I am testing application on linux, and we have a bug related to the database connection, since the database connection cannnot be restarted and it's on a remote machine, I would like to kill the tcp connection in order to interrupt the connection and see the behaviour.

Unplugging the network cable is not an option neither! I don't have physical access on both machines.

I tought about using the iptables, but I don't have iptables on my system, so my project manager told me to use tcpkill to accomplish this.

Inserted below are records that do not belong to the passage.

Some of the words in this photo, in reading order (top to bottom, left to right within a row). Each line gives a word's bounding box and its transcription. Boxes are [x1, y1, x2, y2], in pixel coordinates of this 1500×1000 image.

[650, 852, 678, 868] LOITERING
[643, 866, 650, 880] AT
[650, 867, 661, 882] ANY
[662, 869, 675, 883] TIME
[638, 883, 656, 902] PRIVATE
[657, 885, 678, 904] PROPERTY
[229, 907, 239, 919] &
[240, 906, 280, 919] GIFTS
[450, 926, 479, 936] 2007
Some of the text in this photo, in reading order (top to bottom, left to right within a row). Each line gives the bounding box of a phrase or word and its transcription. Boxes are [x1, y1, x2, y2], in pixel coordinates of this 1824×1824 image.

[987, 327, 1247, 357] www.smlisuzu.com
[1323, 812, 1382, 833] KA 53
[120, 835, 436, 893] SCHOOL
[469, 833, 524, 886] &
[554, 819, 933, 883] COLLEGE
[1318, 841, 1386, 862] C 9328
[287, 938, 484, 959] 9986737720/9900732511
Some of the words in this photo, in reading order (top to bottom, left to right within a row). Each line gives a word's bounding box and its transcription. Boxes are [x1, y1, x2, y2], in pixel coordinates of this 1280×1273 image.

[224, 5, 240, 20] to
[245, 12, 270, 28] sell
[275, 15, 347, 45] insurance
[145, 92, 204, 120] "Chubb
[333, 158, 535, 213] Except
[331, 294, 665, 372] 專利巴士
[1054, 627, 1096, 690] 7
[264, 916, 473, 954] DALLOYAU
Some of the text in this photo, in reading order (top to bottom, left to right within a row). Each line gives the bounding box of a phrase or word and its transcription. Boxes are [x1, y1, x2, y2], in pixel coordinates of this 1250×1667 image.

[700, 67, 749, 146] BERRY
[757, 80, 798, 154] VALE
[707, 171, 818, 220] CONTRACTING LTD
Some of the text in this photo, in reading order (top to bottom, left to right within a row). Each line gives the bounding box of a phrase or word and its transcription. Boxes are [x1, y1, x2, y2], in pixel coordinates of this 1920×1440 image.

Can someone tell me where I can get the tcpkill rpm and give me some hints about how to use it?

1 Answer 1

10

Add a null route with ip route blackhole, assuming you have root:

[root@centos6 ~]# nc -zv 192.168.15.100 80
Connection to 192.168.15.100 80 port [tcp/http] succeeded!
[root@centos6 ~]# ip route add blackhole 192.168.15.100
[root@centos6 ~]# nc -zv 192.168.15.100 80
nc: connect to 192.168.15.100 port 80 (tcp) failed: Network is unreachable
[root@centos6 ~]# ip route delete blackhole 192.168.15.100
[root@centos6 ~]# nc -zv 192.168.15.100 80
Connection to 192.168.15.100 80 port [tcp/http] succeeded!

EDIT: If you have on the machine and the app connects to the database via a FQDN, add a FQDN and point the FQDN to a dummy address. It may take a while for the tcp connection to drop, though.

EDIT again: Okay, I missed the part about tcpkill. :)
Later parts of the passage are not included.